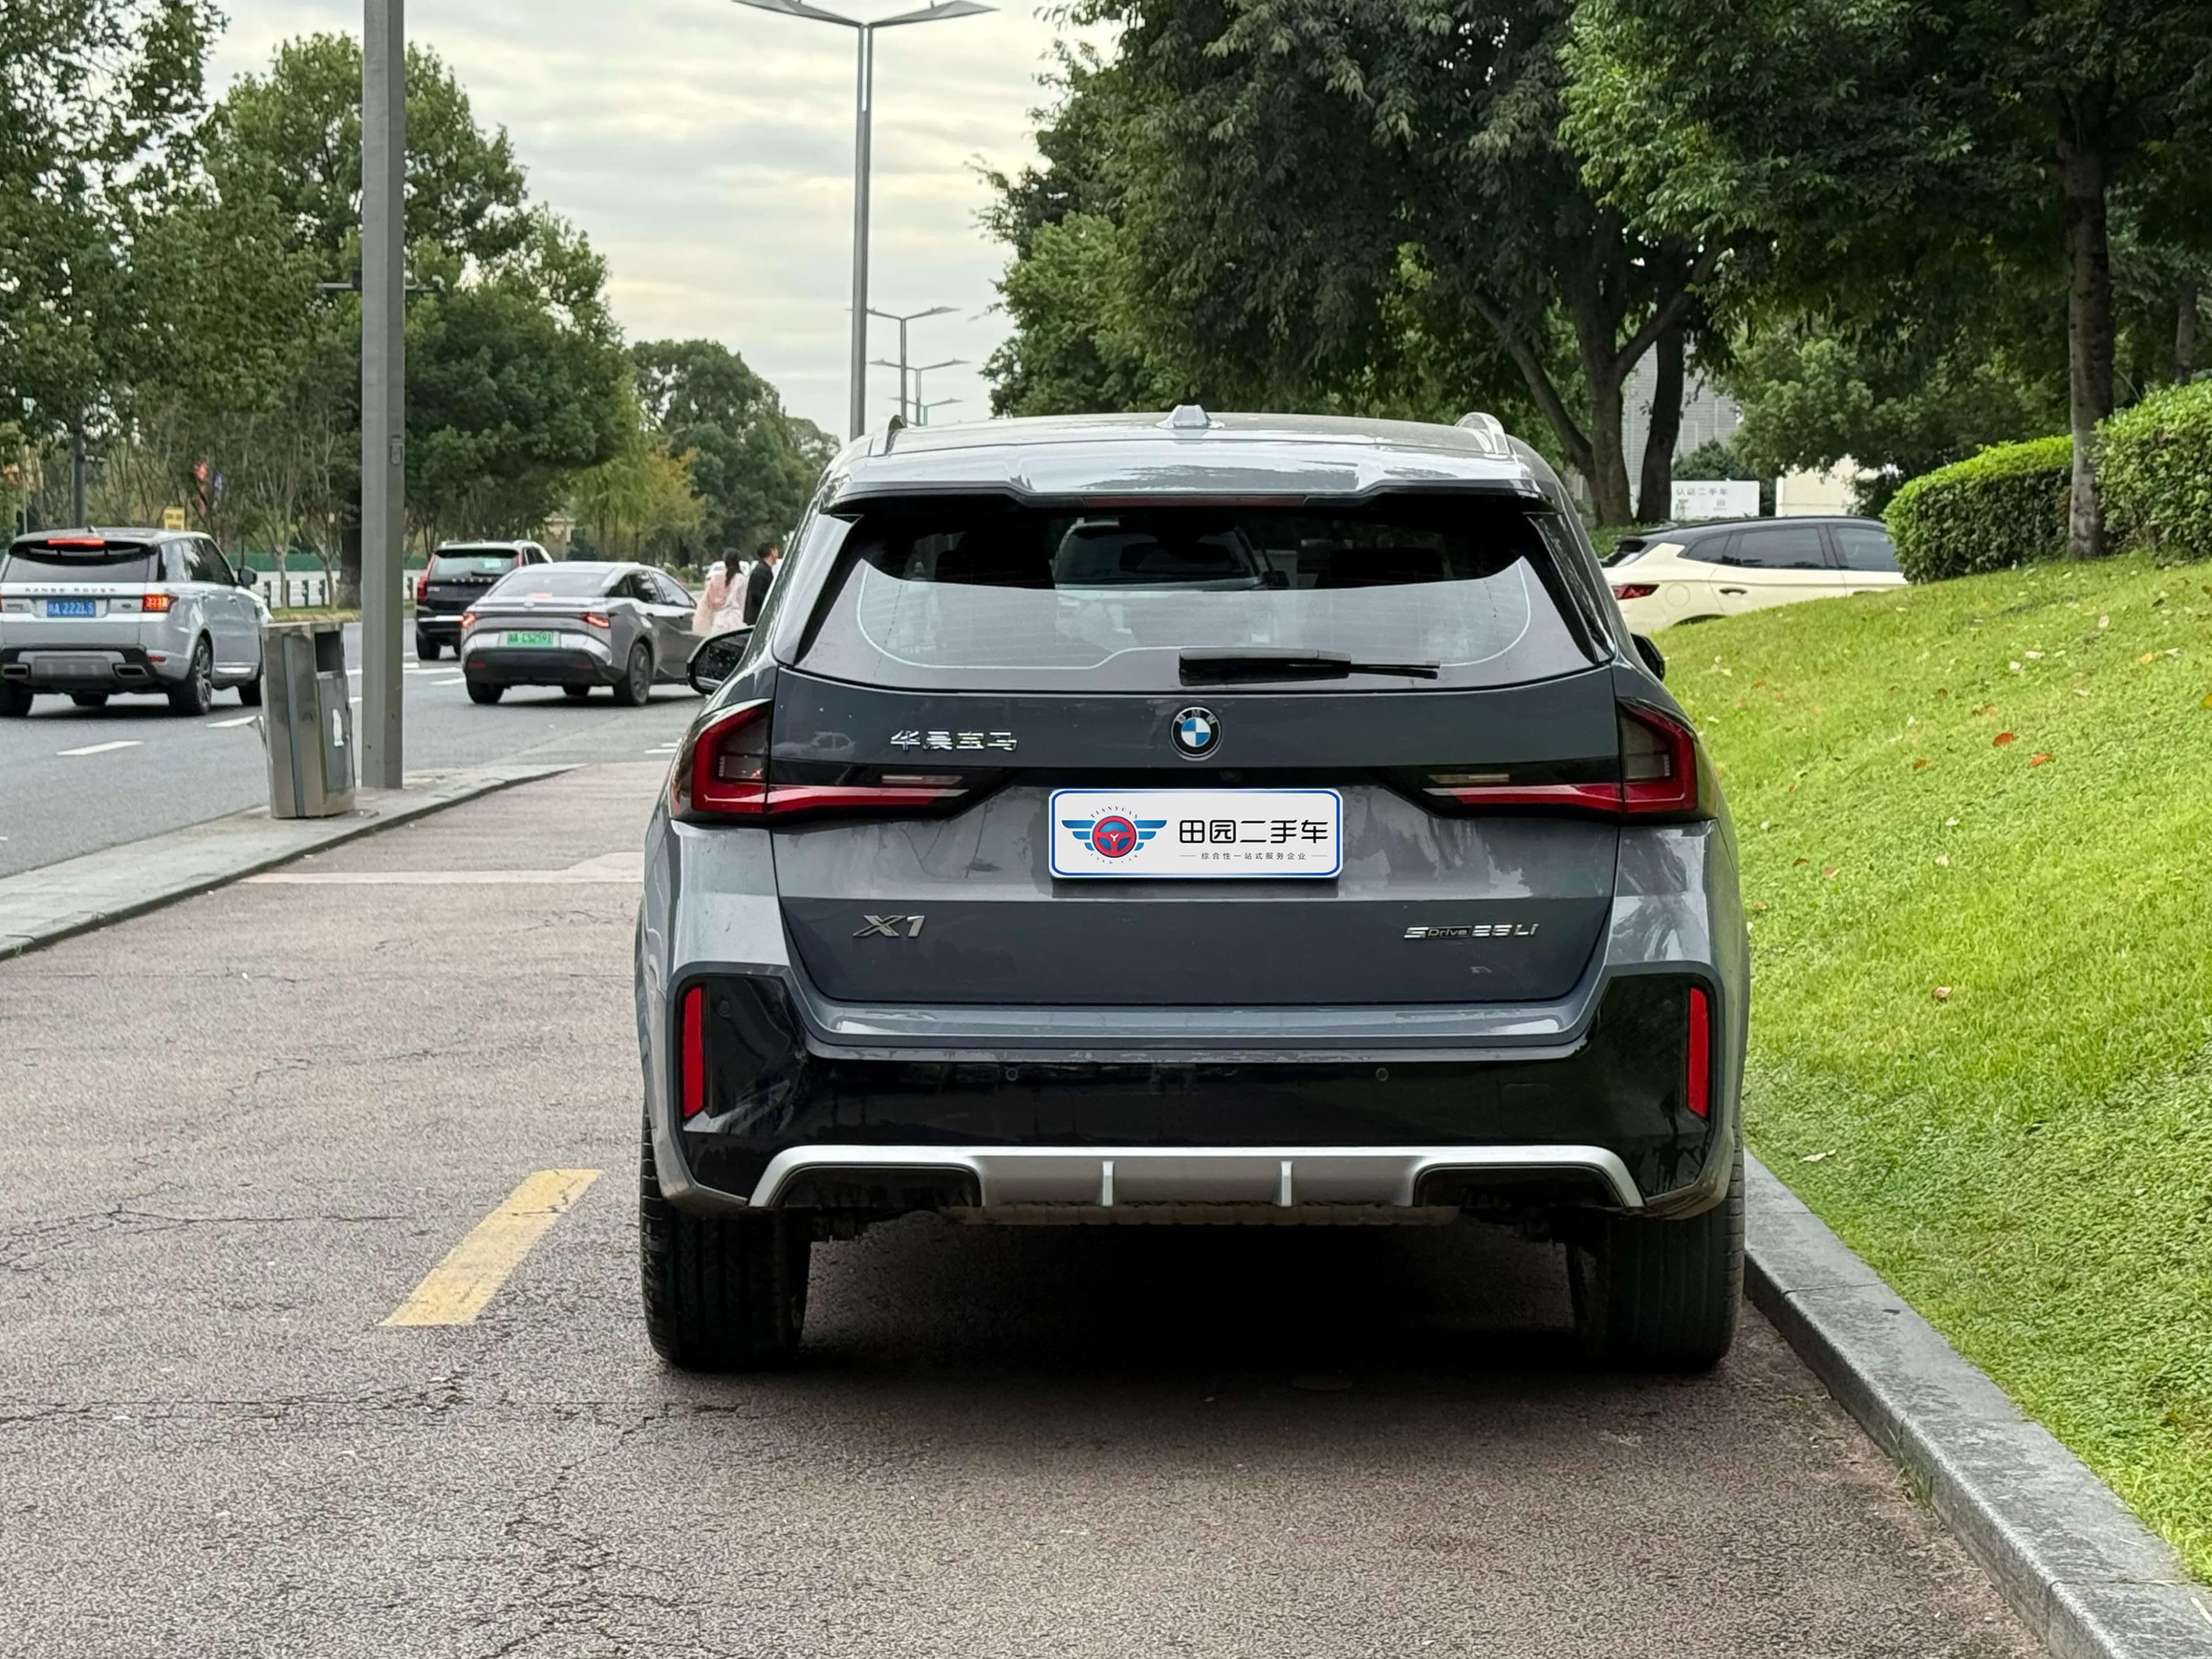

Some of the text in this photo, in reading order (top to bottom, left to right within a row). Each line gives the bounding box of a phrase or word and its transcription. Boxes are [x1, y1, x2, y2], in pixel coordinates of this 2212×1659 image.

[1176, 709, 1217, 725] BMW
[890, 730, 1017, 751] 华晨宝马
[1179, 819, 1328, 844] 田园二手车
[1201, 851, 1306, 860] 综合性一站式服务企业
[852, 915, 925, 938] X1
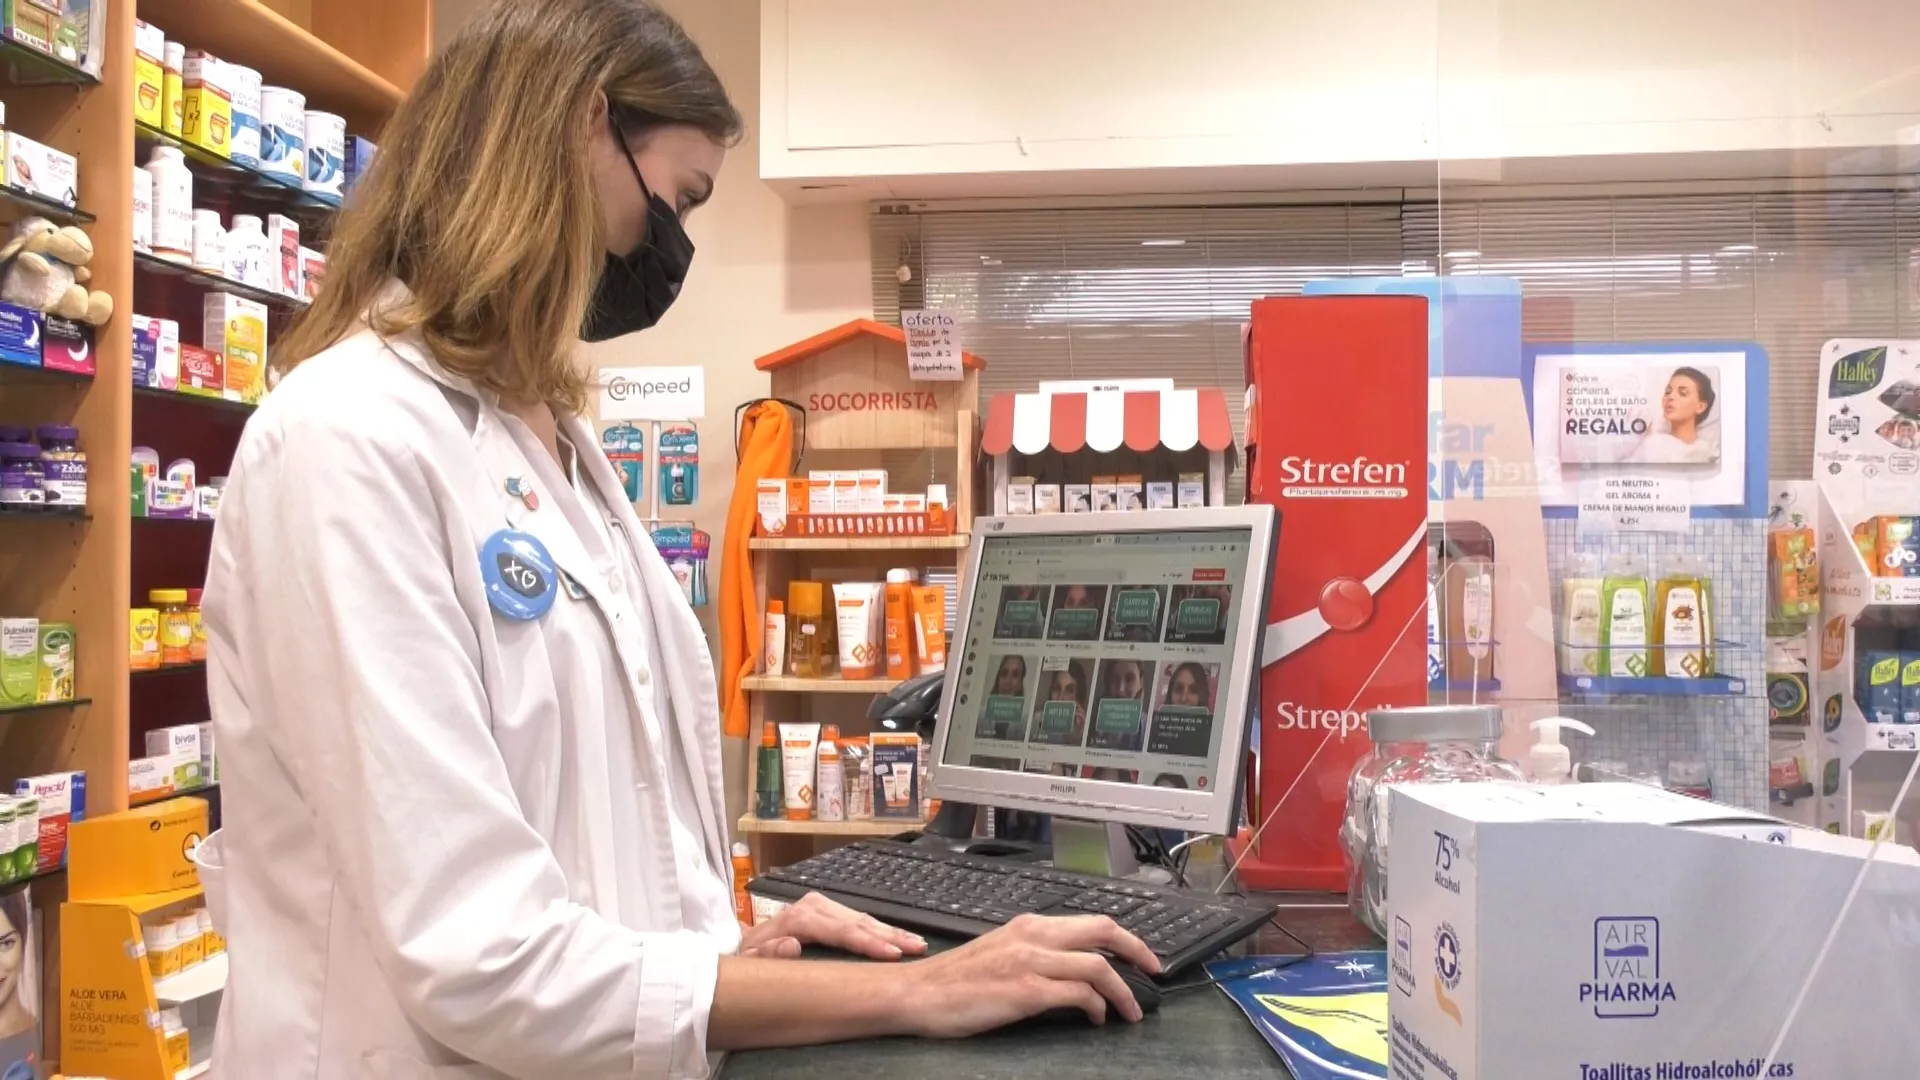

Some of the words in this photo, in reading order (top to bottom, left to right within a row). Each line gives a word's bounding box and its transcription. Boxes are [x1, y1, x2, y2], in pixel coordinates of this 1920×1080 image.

• • • • •

The entries above must be restated exactly in the answer, and the pictures left out.

WRITTEN RESPONSE
Some of the text in this photo, in reading order (top to bottom, left to right within a row). Each line gives the bounding box of a phrase or word and its transcription. Boxes are [x1, y1, x2, y2], in pixel coordinates of this 2212×1659 image.

[1176, 709, 1217, 725] BMW
[890, 730, 1017, 751] 华晨宝马
[1179, 819, 1328, 844] 田园二手车
[1201, 851, 1306, 860] 综合性一站式服务企业
[852, 915, 925, 938] X1

Some of the words in this photo, in reading order (top to bottom, left to right within a row). Each line gives a word's bounding box and its transcription. Boxes are [x1, y1, x2, y2], in pixel coordinates of this 1920×1080 image.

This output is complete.